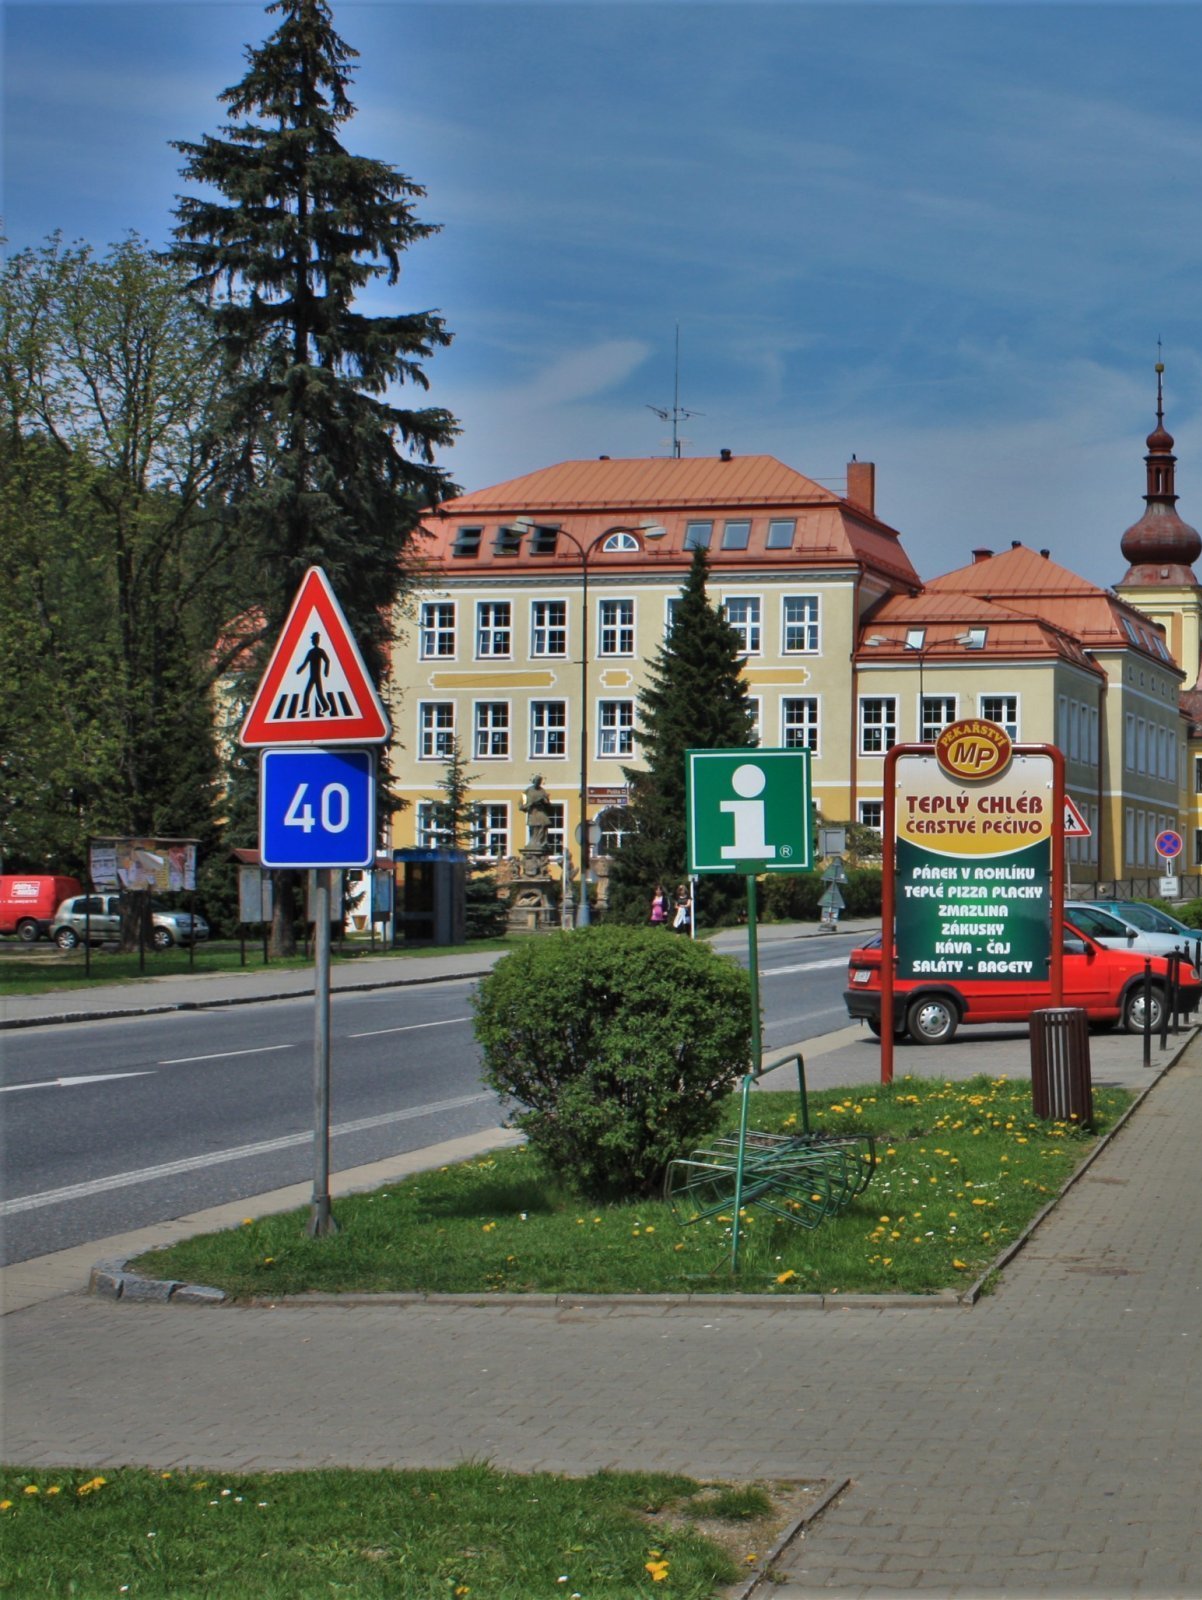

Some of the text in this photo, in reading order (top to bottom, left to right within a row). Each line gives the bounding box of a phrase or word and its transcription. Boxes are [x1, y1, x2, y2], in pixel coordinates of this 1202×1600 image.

[940, 720, 1008, 747] PEKAŘSTVÍ
[953, 742, 995, 769] MP
[284, 782, 350, 834] 40
[906, 791, 1043, 814] TEPLÝ CHLÉB
[906, 816, 1043, 834] ČERSTVÉ PEČIVO
[912, 864, 1035, 880] PÁREK V ROHLÍKU
[904, 883, 1043, 898] TEPLÉ PIZZA PLACKY
[938, 905, 1008, 917] ZMRZLINA
[941, 920, 1004, 935] ZÁKUSKY
[935, 939, 972, 954] KÁVA
[986, 939, 1011, 954] ČAJ
[912, 957, 963, 973] SALÁTY
[977, 961, 1033, 973] BAGETY
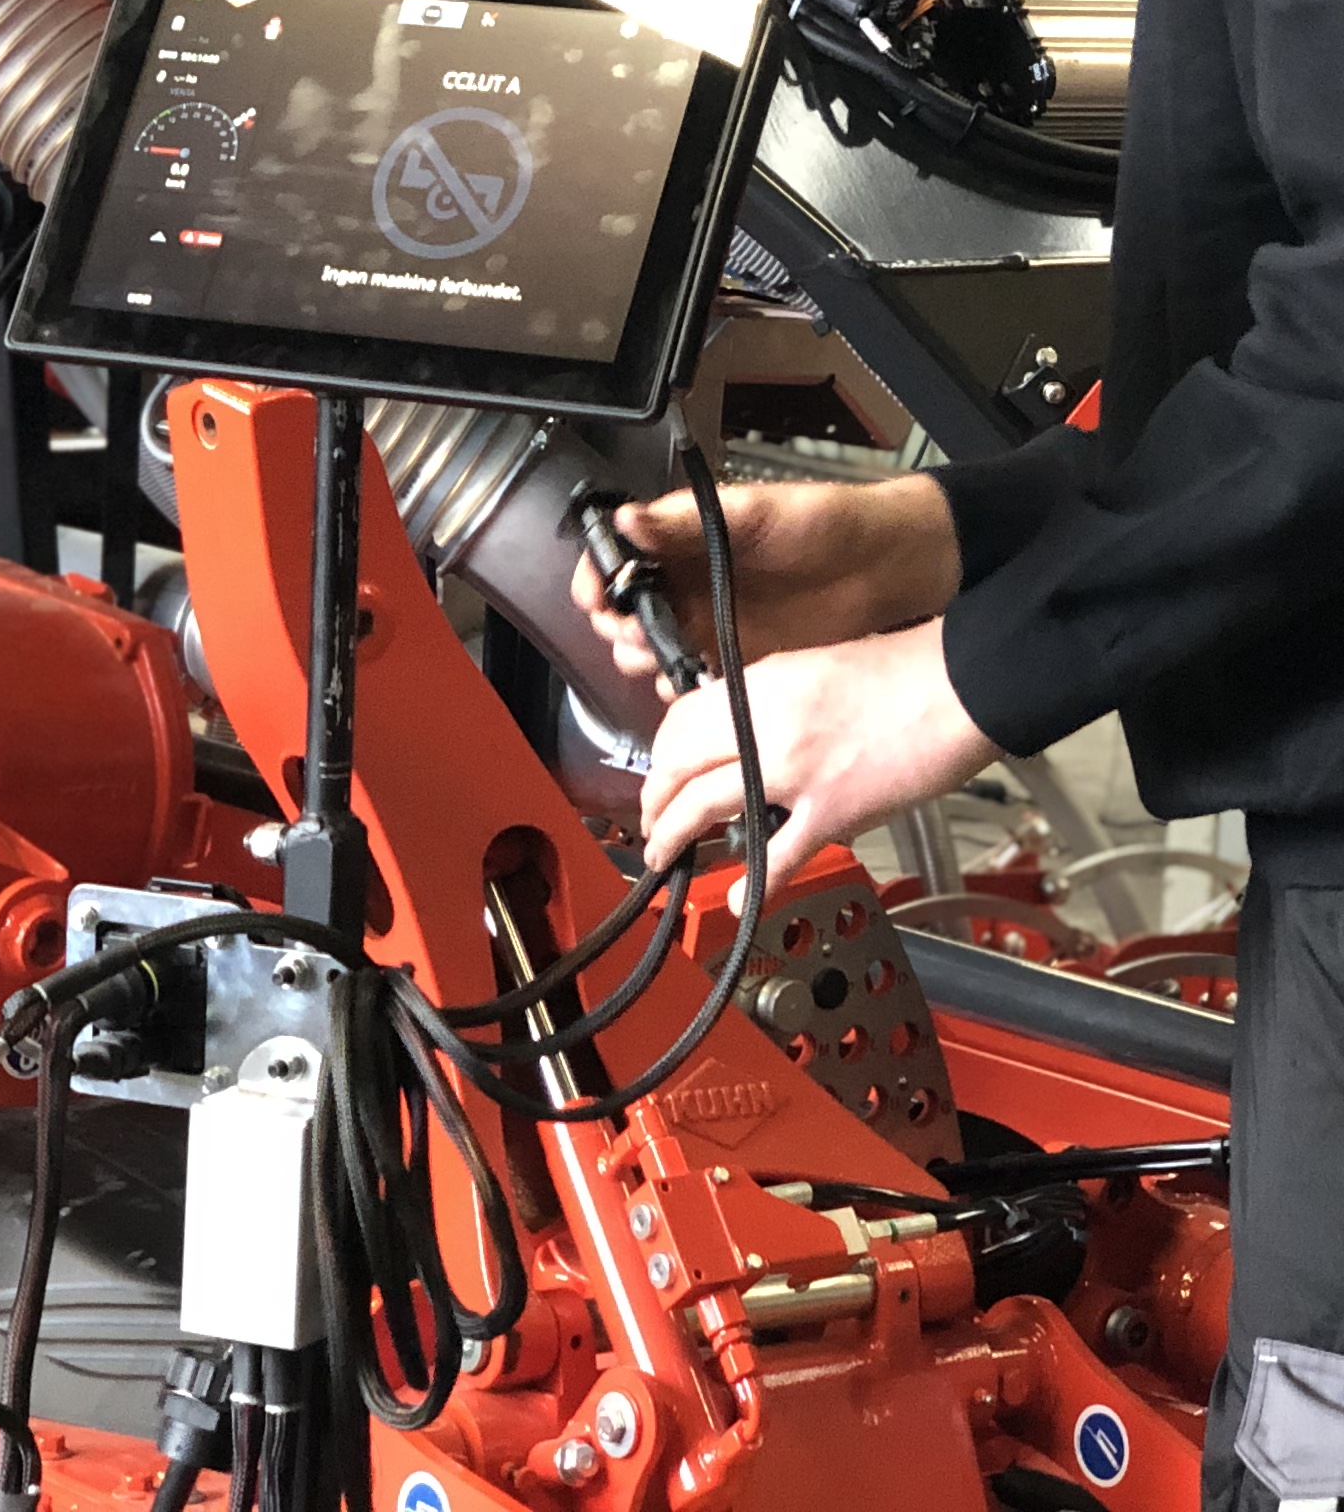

##############################

Exercise:
Retype the data shown above exactly, excluding any picture it contains.

Output for this task:
Some of the text in this photo, in reading order (top to bottom, left to right within a row). Each line gives the bounding box of a phrase or word and its transcription. Boxes are [x1, y1, x2, y2], in pixel coordinates of this 1202×1600 image.

[940, 720, 1008, 747] PEKAŘSTVÍ
[953, 742, 995, 769] MP
[284, 782, 350, 834] 40
[906, 791, 1043, 814] TEPLÝ CHLÉB
[906, 816, 1043, 834] ČERSTVÉ PEČIVO
[912, 864, 1035, 880] PÁREK V ROHLÍKU
[904, 883, 1043, 898] TEPLÉ PIZZA PLACKY
[938, 905, 1008, 917] ZMRZLINA
[941, 920, 1004, 935] ZÁKUSKY
[935, 939, 972, 954] KÁVA
[986, 939, 1011, 954] ČAJ
[912, 957, 963, 973] SALÁTY
[977, 961, 1033, 973] BAGETY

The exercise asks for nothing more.